How to Boating Around Fort Lauderdale, Florida

Fort Lauderdale is a seemingly afloat city: some 165 miles of canals crisscross the neighborhoods, making the South Florida city compare to Venice. Mansions line residential canals (and are often overshadowed by yachts moored in front), while pleasure boats descend the New River that runs through downtown. Locals and visitors alike embrace the nautical life, flocking to Before Times at the world’s largest boat show or the Port Everglades cruise port on the Atlantic coast, which was one of the busiest in the world and has seen more than 3.5 million passengers pass in 2019.

If you have any doubts that one of the best ways to maximize your time here is to get on a boat, just ask a local.

“Boats are part of the way of life here on earth. If you come here and don’t get out on the water, you’re missing out, ”says Bryan Nelson, captain of 4Ocean (a B-certified company that strives to remove plastic from the world’s oceans, rivers and coasts).

Nelson, who grew up in Fort Lauderdale, says, “There’s no canal that I haven’t crossed” – and a boat is also your key to exploring the city.

We spoke to Nelson and another native son of Fort Lauderdale, Captain Todd Fopiano of the charter company. YachtsUp, for their top tips on where to make the most of a Fort Lauderdale boat day.

Where to rent a boat in Fort Lauderdale

Boat rental companies like GetMyBoat offer a range of trips: private yachts for hire; autonomous catamarans; pontoons and Jet Skis. (Rates start at $ 50 / hour for a small powerboat and climb from there to private luxury charters.)

Fopiano, who rents onboard three of his boats through YachtsUp and GetMyBoat, says: “Most people want something bigger that you can move around comfortably without bumping into yourself. This is especially true now in our days of social distancing.

Once you’ve chosen the best boat for your party, and if you need to hire a captain, you can pick it up at the marina where it’s moored. Some boat owners can even tow smaller boats to the public dock from which you want to jump.

The best cruising spots

Just floating along Fort Lauderdale’s many canals makes for an exciting day on the water, and you don’t need to be an expert navigator to get around. “Fort Lauderdale is easy to navigate as they are mostly deep canals with very little shoal,” says Fopiano, who says the canal-lined and gated neighborhoods of Las Olas Isles and Harbor Beach, both accessible via the Intracoastal Waterway, are particularly scenic. “Every day, the ocean being too rough to venture out, the canals provide a safe haven for inland navigation.”

Nelson recommends heading to Whiskey Creek, a sheltered area within Dr. Von D. Mizell-Eula Johnson State Park, as a fun place to disembark by boat and spend a few hours relaxing. The park also has a concessionaire, Whiskey Creek Hideout, where you can rent paddleboards and beach chairs or grab a waterfront table for lunch. Try a South Florida classic like a mahi-mahi sandwich or conch fritters.

Another scenic (and free) Fort Lauderdale anchorage awaits you at Lake Sylvia, a sheltered canal that opens to a wide, lake-like waterway in the Harbor Beach neighborhood, says Fopiano. It is a good place to drop anchor for a floating lunch without waves on board, with a view of the sweetness of life all around.

Dock and dine at these local restaurants

You rarely run out of a waterfront restaurant in Fort Lauderdale. The New River, which runs through downtown Fort Lauderdale and is accessible via the Intracoastal Waterway, offers great options for docking the boat and having a meal, says Fopiano.

Rendezvous Bar and Grill is one of our favorites, ”he says. “A lot of people don’t even know he’s there [within the Marina Bay luxury yachting center]; it’s a bit of a little secret. Order the fresh seafood they serve, he advises, which can be mahi tacos or a grouper sandwich, depending on what bites.

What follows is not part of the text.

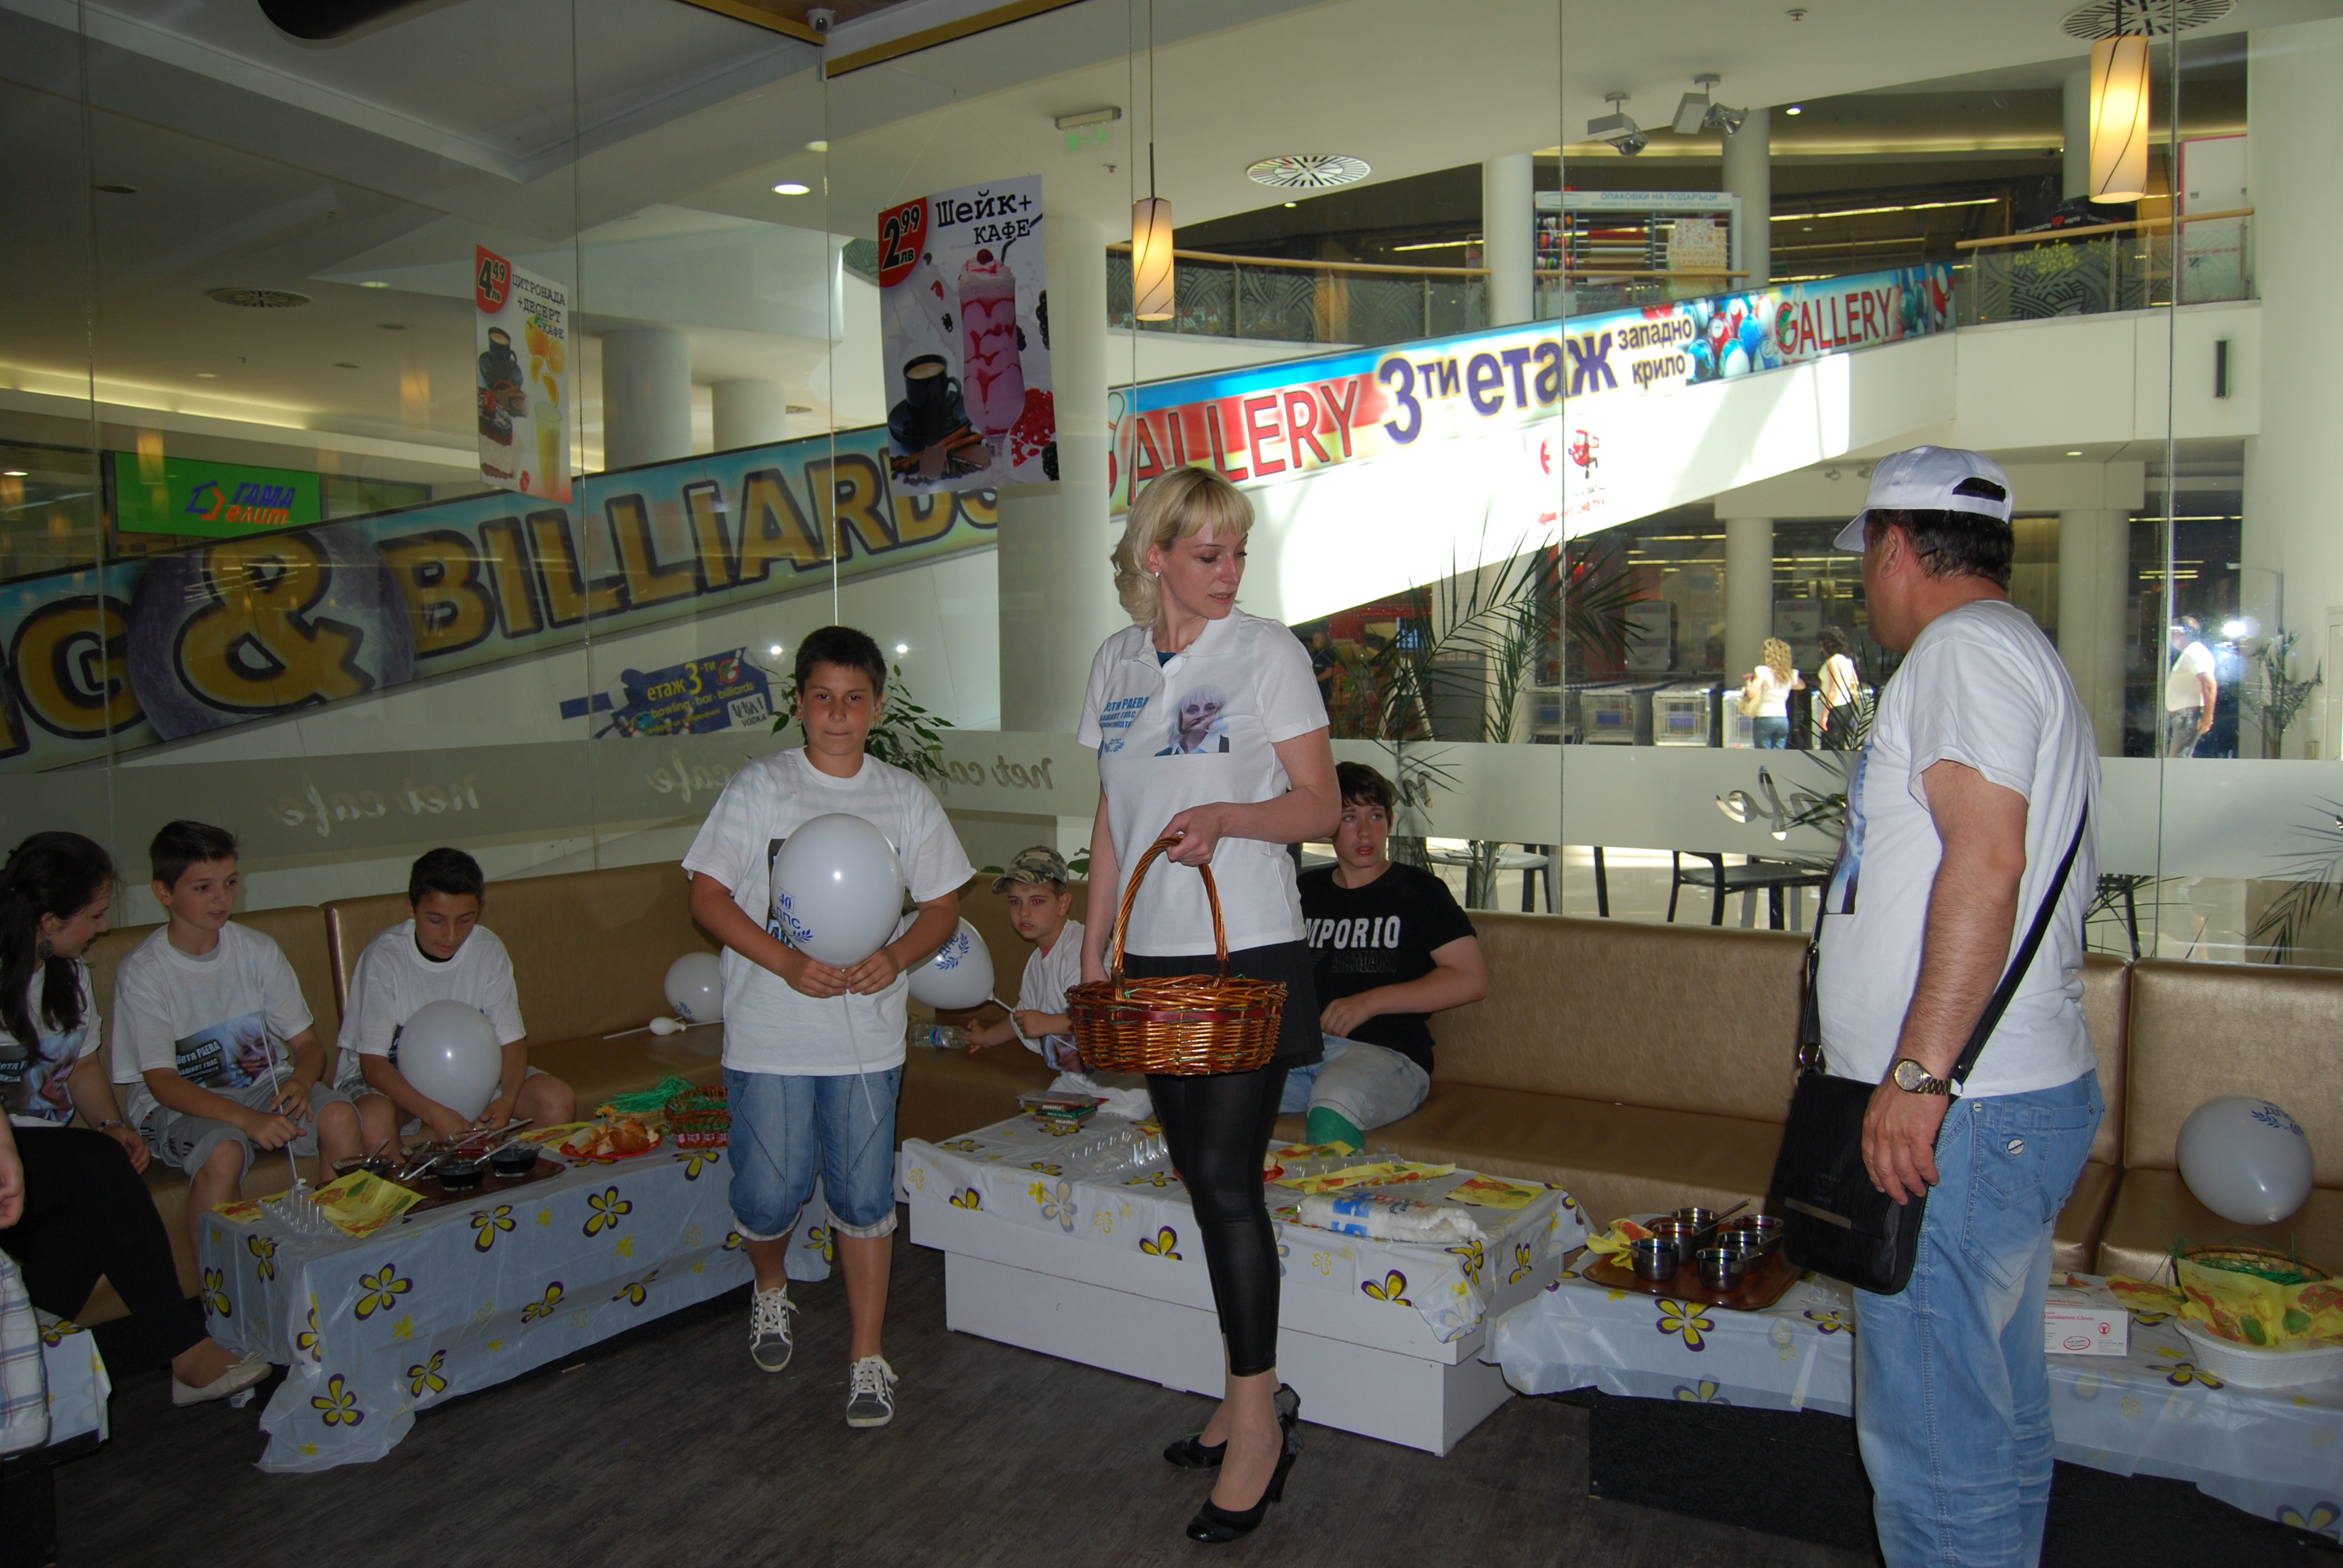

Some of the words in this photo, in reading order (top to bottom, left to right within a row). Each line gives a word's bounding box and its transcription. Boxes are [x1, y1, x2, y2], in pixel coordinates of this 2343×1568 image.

TO Yot Bar and Kitchen, Fopiano says grab a table right on the New River for a view of the mega-yachts cruising past or being repaired right next door at the Lauderdale Marine Center. The restaurant’s lobster roll is on par with anything you’ll find in Maine, and you can also opt for Florida seafood like shrimp tacos and blackened mahi.

Nelson swears by the crab claw lollipops and shelled oysters right in front of you at Coconut, a long-standing waterfront haunt on the Intracoastal Waterway with boat dockage and good vibes all around.

And the two captains say don’t miss 15th Street Fisheries on the Intracoastal Waterway in Lauderdale Marina, where you can enjoy more seafood-centric dishes like Bahamian conch chowder, fresh mahi tacos, and king crab legs.

Before getting back on your boat, stop to feed the giant tarpon with shrimp that you can buy from a store on the quayside. The silvery-scaled fish can grow up to eight feet long and swirl avidly in the waters below.